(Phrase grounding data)
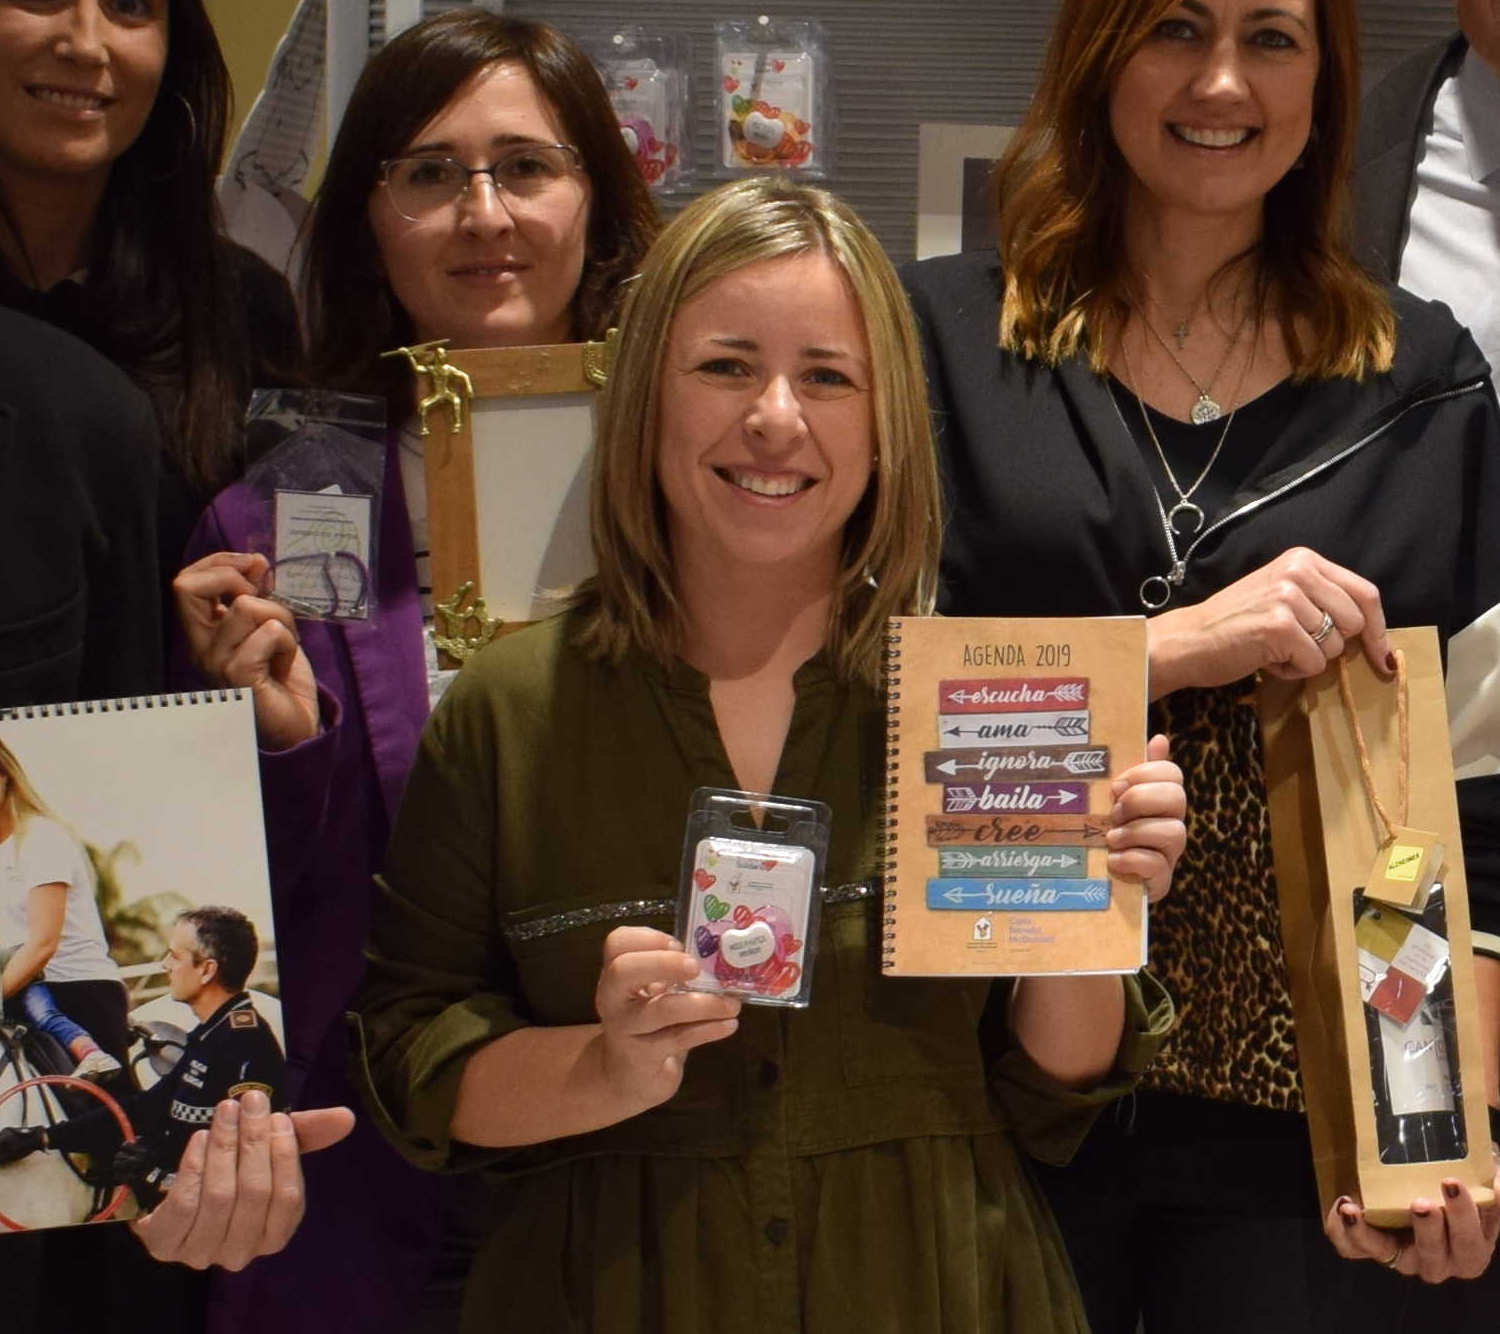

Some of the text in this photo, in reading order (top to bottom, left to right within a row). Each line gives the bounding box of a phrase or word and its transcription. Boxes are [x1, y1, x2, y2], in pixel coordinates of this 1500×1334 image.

[962, 643, 1072, 668] AGENDA 2019
[970, 682, 1049, 705] escucha
[977, 721, 1033, 739] ama
[977, 749, 1053, 781] ignora
[977, 784, 1048, 813] baila
[978, 847, 1054, 875] arriesga
[984, 880, 1062, 907] sueña

* [What is expected]:
Please keep every line of the data the same when you reproduce it, and keep every picture out.

* [Output below]:
Some of the text in this photo, in reading order (top to bottom, left to right within a row). Each line gives the bounding box of a phrase or word and its transcription. Boxes are [x1, y1, x2, y2], in pixel coordinates of this 1500×1334 image.

[962, 643, 1072, 668] AGENDA 2019
[970, 682, 1049, 705] escucha
[977, 721, 1033, 739] ama
[977, 749, 1053, 781] ignora
[977, 784, 1048, 813] baila
[978, 847, 1054, 875] arriesga
[984, 880, 1062, 907] sueña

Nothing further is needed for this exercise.